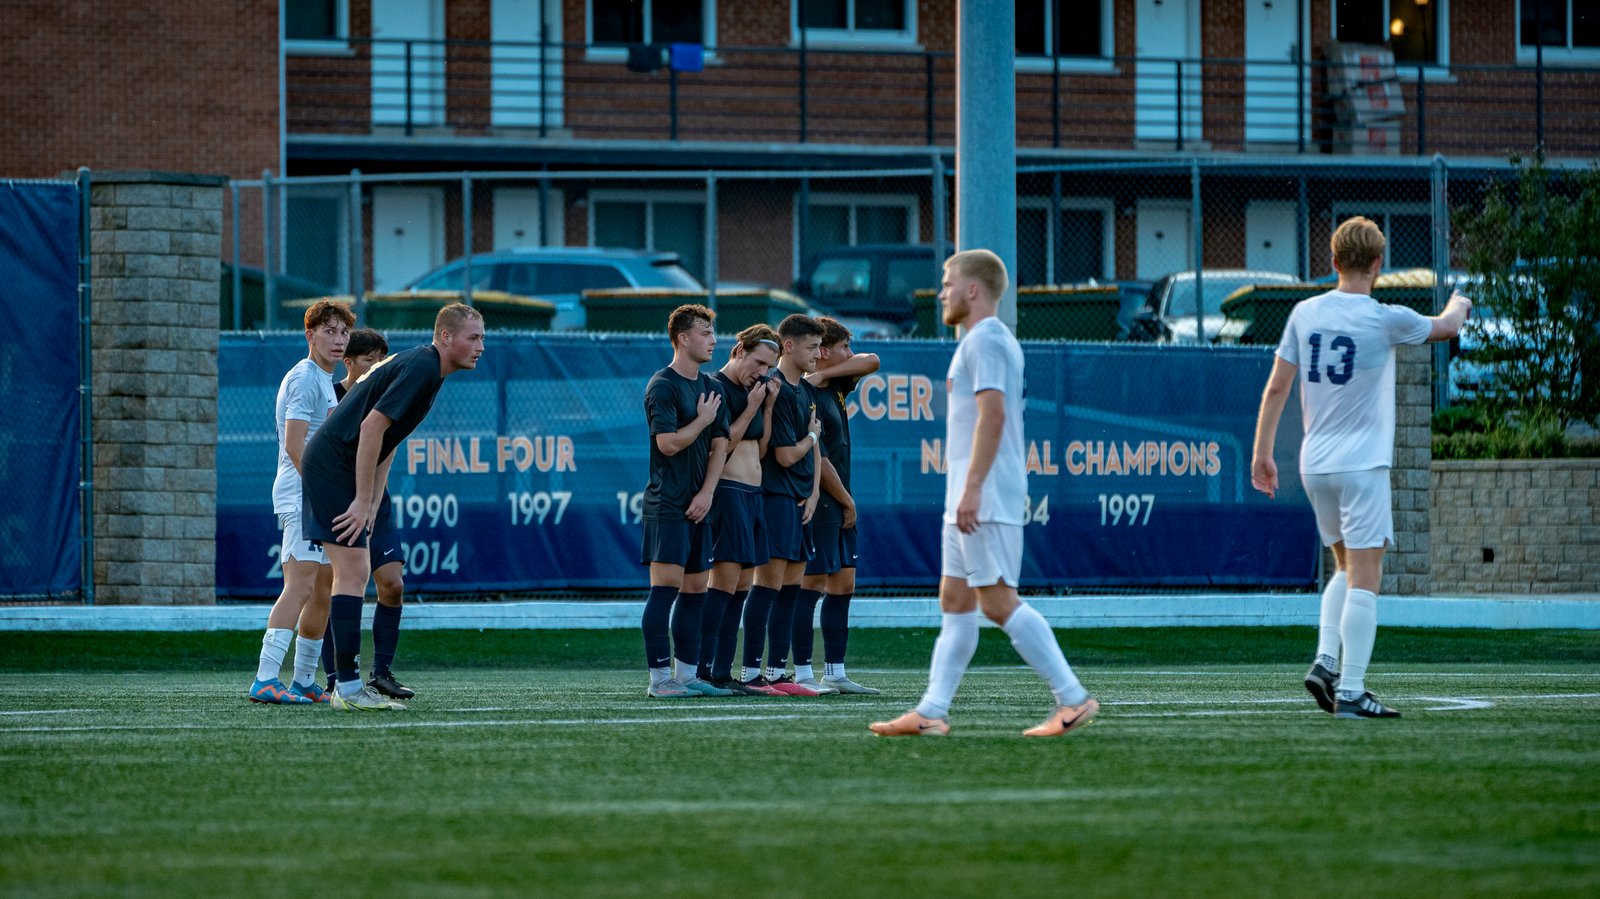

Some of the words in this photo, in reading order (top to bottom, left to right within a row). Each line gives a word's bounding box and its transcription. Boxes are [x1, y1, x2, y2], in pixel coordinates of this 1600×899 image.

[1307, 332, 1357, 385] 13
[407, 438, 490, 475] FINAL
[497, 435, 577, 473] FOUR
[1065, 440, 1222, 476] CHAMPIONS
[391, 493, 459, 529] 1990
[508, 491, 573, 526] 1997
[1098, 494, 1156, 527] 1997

========

## EXERCISE BRIEF
Please restate the whole listing exactly, without any of its pictures.

## ANSWER FOR THE TASK
Some of the words in this photo, in reading order (top to bottom, left to right within a row). Each line gives a word's bounding box and its transcription. Boxes are [x1, y1, x2, y2], in pixel coordinates of this 1600×899 image.

[1307, 332, 1357, 385] 13
[407, 438, 490, 475] FINAL
[497, 435, 577, 473] FOUR
[1065, 440, 1222, 476] CHAMPIONS
[391, 493, 459, 529] 1990
[508, 491, 573, 526] 1997
[1098, 494, 1156, 527] 1997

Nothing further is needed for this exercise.